Sub-sections (3), (4)
and (5) of Section 32 of the Act define the procedure to be followed for
recovery of the dues as computed.
In contrast, Section
17B provides in unambiguous terms that if an award for reinstatement of a
workman is stayed at the instance of the employer, either by the High Court or
the Supreme Court, the employer will be liable to pay to the workman during the
pendency of the proceedings before the High Court or the Supreme Court full
wages as last drawn by him, including any maintenance allowance admissible to
him under any Rule, if the workman had not been gainfully employed elsewhere
during the said period.
On the other hand,
Section 33C(2) of the aforesaid Act contemplates a proceeding requiring
evidence to be taken to determine the quantum of the dues payable to the
workman.
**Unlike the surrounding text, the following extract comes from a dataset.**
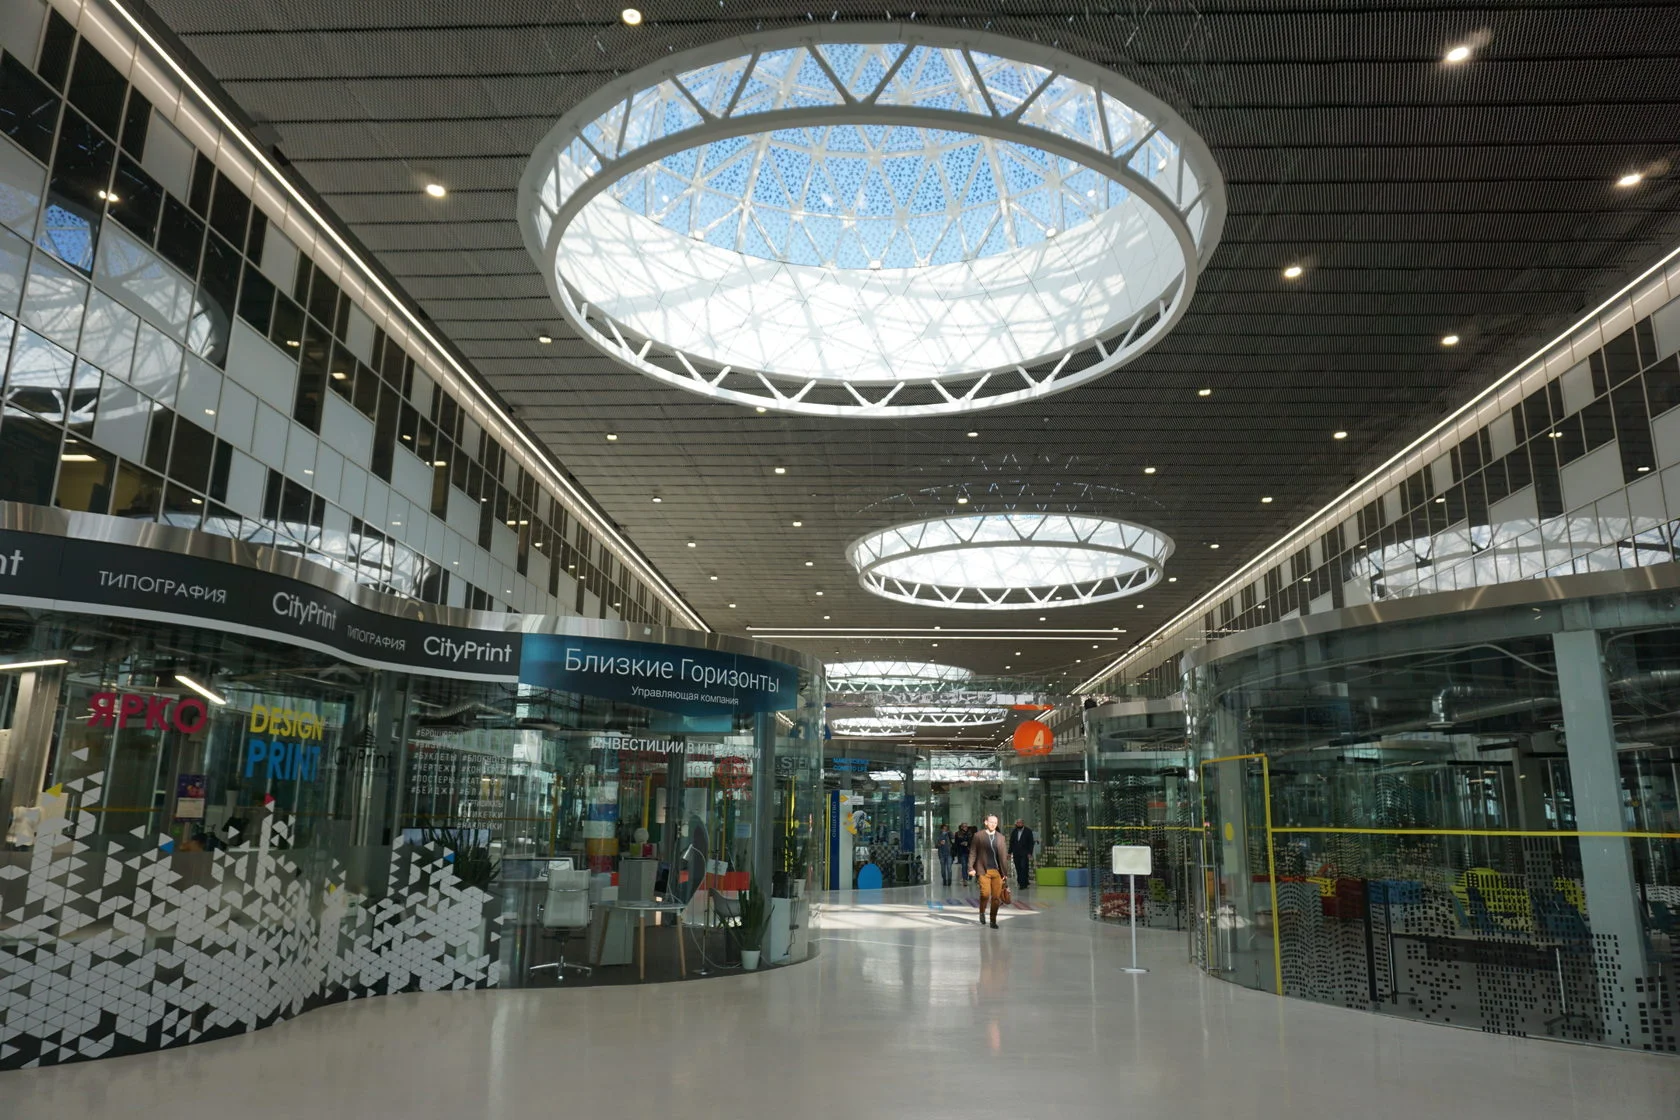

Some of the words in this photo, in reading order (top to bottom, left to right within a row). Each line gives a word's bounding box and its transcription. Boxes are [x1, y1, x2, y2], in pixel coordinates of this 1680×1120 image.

Taking recourse to such a course of action as a matter of course would
destroy and frustrate the very purpose of Section 17B which, as has been
consistently held by this Court, is to provide the workman with the means of
sustenance of his family members and himself during the pendency of the
proceedings taken by the employer before the High Court or the Supreme Court.
Apart from the above,
while disposing of the letters patent appeal, the Division Bench of the High
Court has not also come to a finding which is different from the finding
arrived at by the learned Single Judge in this regard.
During the course of
the hearing of this appeal, Ms.Rohatagi brought to our notice an order dated
6th August, 2007 and subsequent amendments made therein by orders dated 31st
October, 2007 and 5th March, 2008 passed in Letters Patent Appeal No.138/2007,
which had been filed against the final disposal of the writ petition. It has
been submitted by her that since the learned counsel of the appellant
Association, representing the workmen, had agreed that they would be entitled
to get the benefits of the interim order passed by the Division Bench, the
present appeal had been rendered infructuous.
We are unable to find
any merit in the said submission, having regard to the observations made
herein-above regarding the effect of Section 17B of the 7 Industrial Disputes
Act regarding payment of full wages to a workman as last drawn by him during
the pendency of the proceedings either before the High Court or before this
Court in which the award of reinstatement is stayed.
allow the appeal, set aside the order passed by the Division Bench of the
Bombay High Court and restore that of the learned Single Judge dated 31st
August, 2006. However, we also request the Bombay High Court to try and dispose
of the pending appeal as early as possible.